→ Data excerpts:
● ● ● ● ●

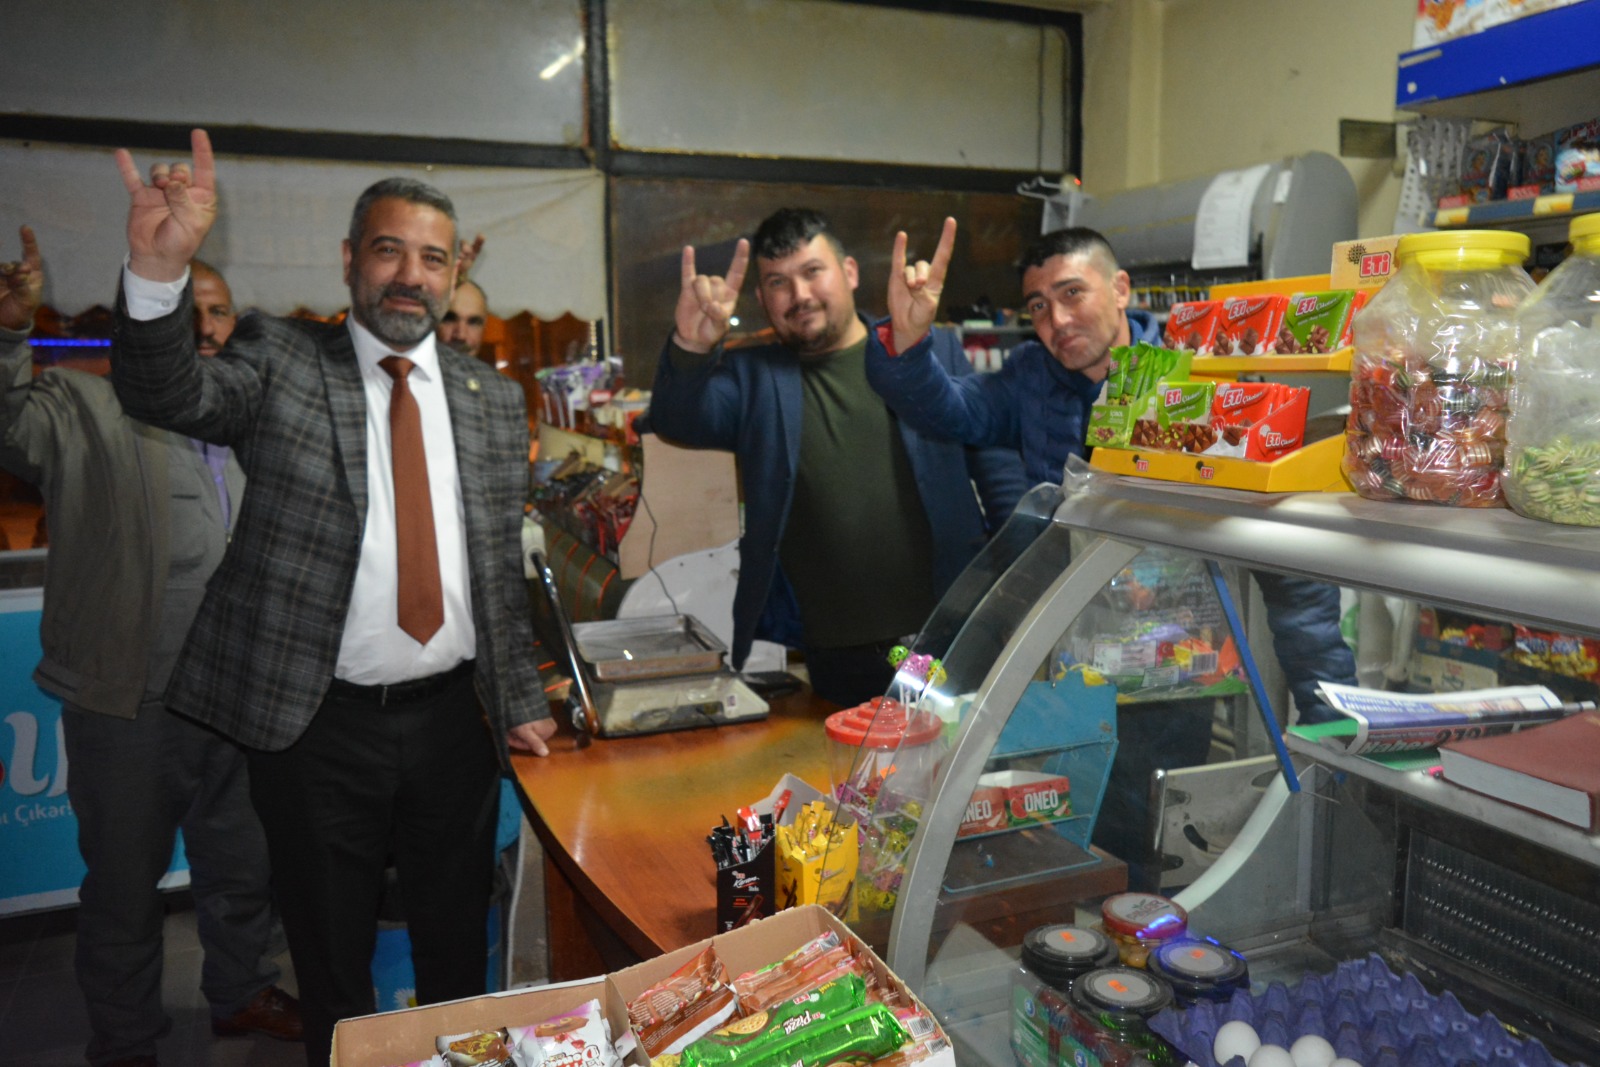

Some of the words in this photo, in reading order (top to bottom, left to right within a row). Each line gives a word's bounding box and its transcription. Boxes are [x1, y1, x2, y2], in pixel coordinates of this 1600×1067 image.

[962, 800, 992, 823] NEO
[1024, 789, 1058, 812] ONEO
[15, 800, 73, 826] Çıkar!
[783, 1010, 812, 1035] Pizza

● ● ● ● ●

→ THE TASK:
Once the pictures are removed, return the entries exactly as they stand.

→ RESPONSE BOX:
Some of the words in this photo, in reading order (top to bottom, left to right within a row). Each line gives a word's bounding box and its transcription. Boxes are [x1, y1, x2, y2], in pixel coordinates of this 1600×1067 image.

[962, 800, 992, 823] NEO
[1024, 789, 1058, 812] ONEO
[15, 800, 73, 826] Çıkar!
[783, 1010, 812, 1035] Pizza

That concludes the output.